Four strategy projects get the go-ahead to start

Henrik Andersson, Senior Lecturer in Caring Science, is one of the initiators of a project on digital learning environments. It is a collaborative project between the Faculty of Caring Science, Work Life and Social Welfare and the Faculty of Librarianship, Information, Education and IT where they will focus on "gamification" in order to practice difficult conversations in the healthcare and school areas.

“The idea from the beginning came from within various places at the university to create a digital training centre based on digital simulation. What we now want to do is find and develop a digital environment for practicing difficult conversations, which can be difficult to simulate,” said Henrik Andersson.

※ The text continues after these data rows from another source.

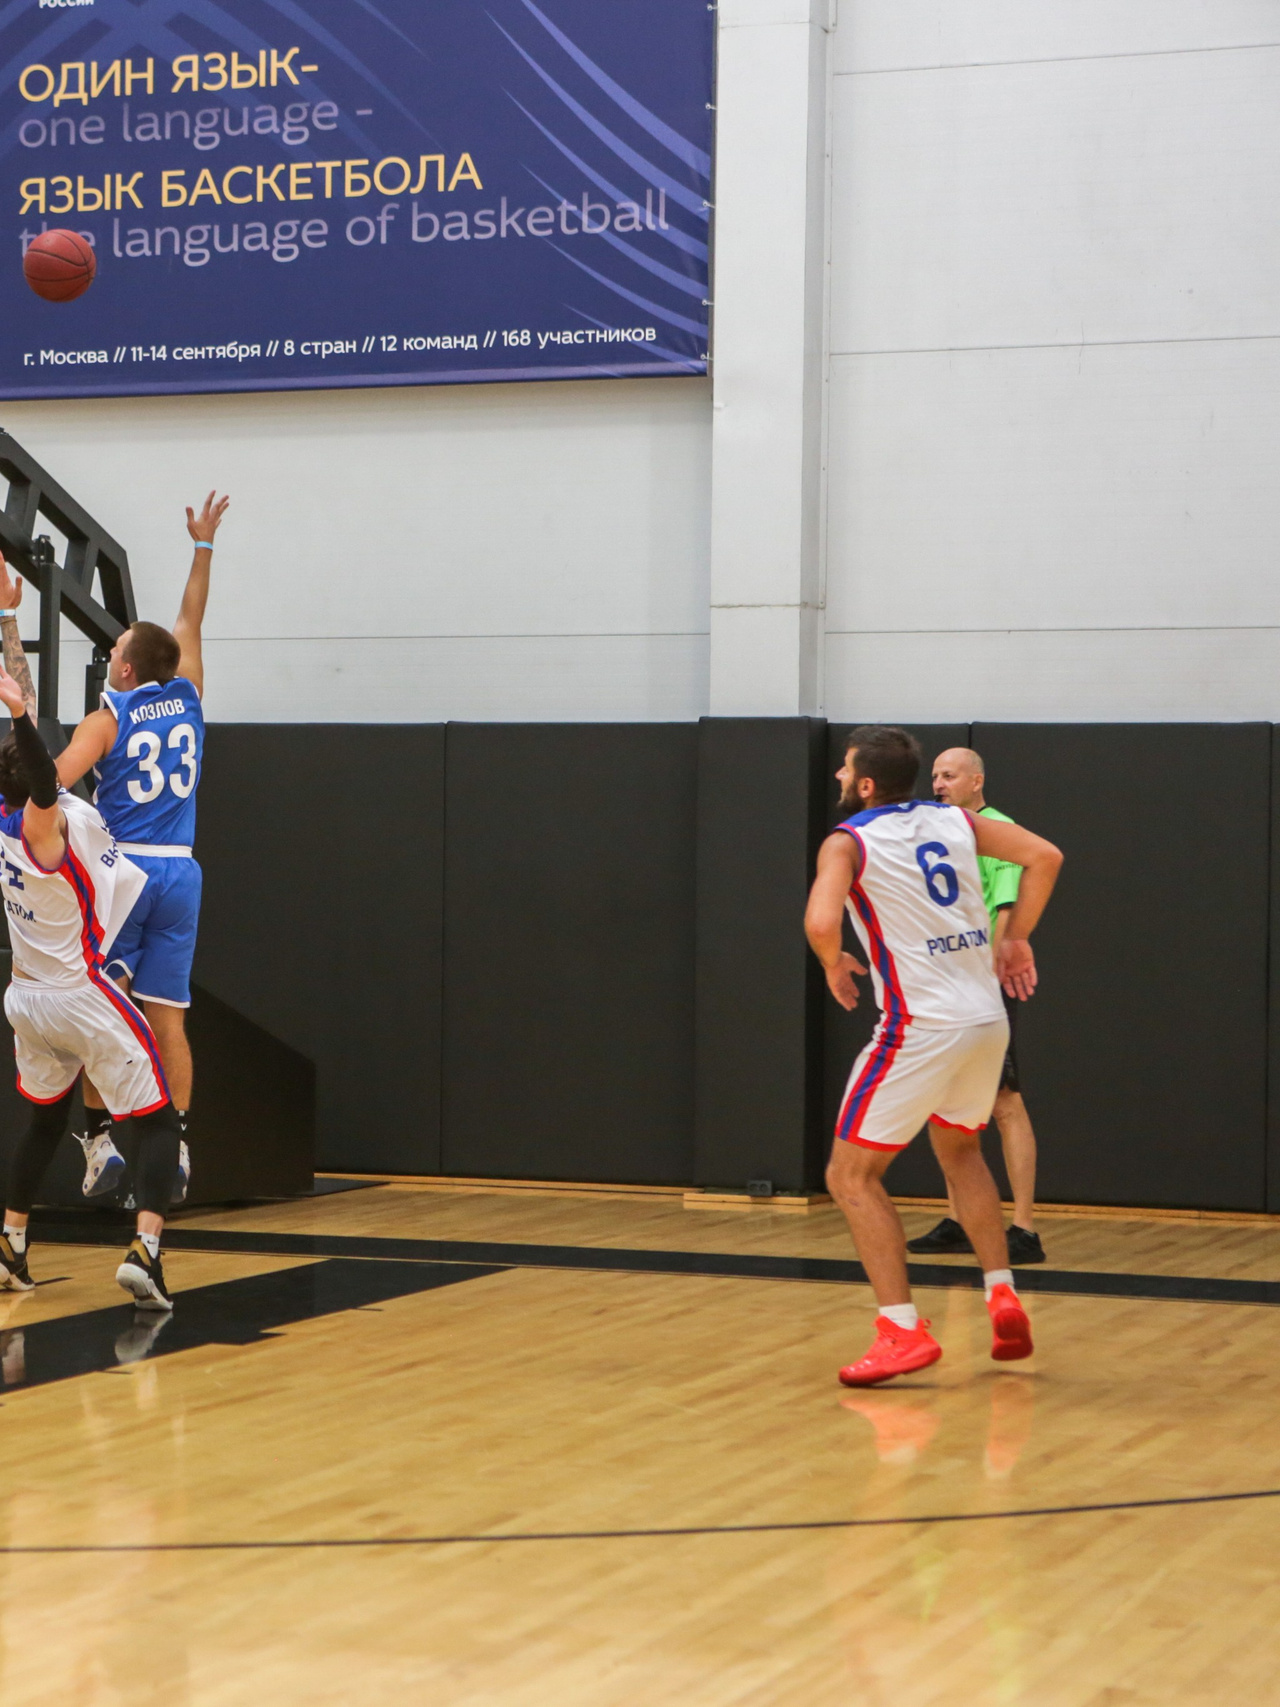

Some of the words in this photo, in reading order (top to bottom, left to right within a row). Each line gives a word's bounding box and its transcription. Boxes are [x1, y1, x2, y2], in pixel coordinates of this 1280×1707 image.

[18, 58, 154, 107] ОДИН
[170, 47, 319, 93] ЯЗЫК-
[19, 115, 105, 147] one
[122, 99, 339, 151] language
[18, 171, 144, 215] ЯЗЫК
[161, 152, 483, 207] БАСКЕТБОЛА
[113, 217, 329, 267] language
[345, 203, 400, 246] of
[411, 187, 669, 243] basketball
[24, 353, 35, 366] г.
[40, 350, 109, 365] Москва
[130, 345, 167, 362] 11-14
[172, 341, 261, 362] сентября
[283, 340, 295, 356] 8
[300, 339, 357, 358] стран
[380, 335, 397, 352] 12
[403, 333, 478, 350] команд
[501, 329, 531, 347] 168
[536, 327, 657, 349] участников
[128, 698, 186, 725] КОЗЛОВ
[126, 723, 197, 804] 33
[915, 841, 959, 907] 6

First, the two Faculties each submitted applications for strategic funding. It turned out that there was a common denominator to build upon, that of difficult conversations, something that are elements in both the healthcare and school areas. This led to the Faculties’ joining forces in a shared project.

“In healthcare, for example, this can mean difficult conversations with patients who must be told that they have a serious illness and will die, or with a relative, and in school, it can mean conversations with a student who may not do what is expected, or with upset parents,” he explained.

Digital role-playing games

Within the project, different avatars will be created. An avatar can represent oneself or other roles and these are to interact with each other. Through digital simulation, students and teachers should be able to be anywhere physically, with one person leading a conversation and one or more other actors participating in the conversation. It is thus about digital role-playing games between different actors.

“It is exciting to collaborate with another Faculty; we have previously talked about getting the teacher education programme into our Clinical Training Centre to train students in different school situations, but at that time, analogue role plays were what we discussed, which requires students and teachers to be there physically. If we can manage this digitally, then you do not need to be on site in Borås,” he said.

He looks forward to the collaboration across Faculty boundaries.

“It’s great that we have different backgrounds and different roles. Not everyone has a doctorate; this type of project also gives lecturers the space to develop ideas. It is the interest in running such a project that is important. The collaboration between these two different Faculties also provides different ways of looking at how to develop things,” he says.

By extension, he can imagine that the police education programme can also have an interest in training around difficult conversations.  It's just a matter of finding the forms of communication and interaction.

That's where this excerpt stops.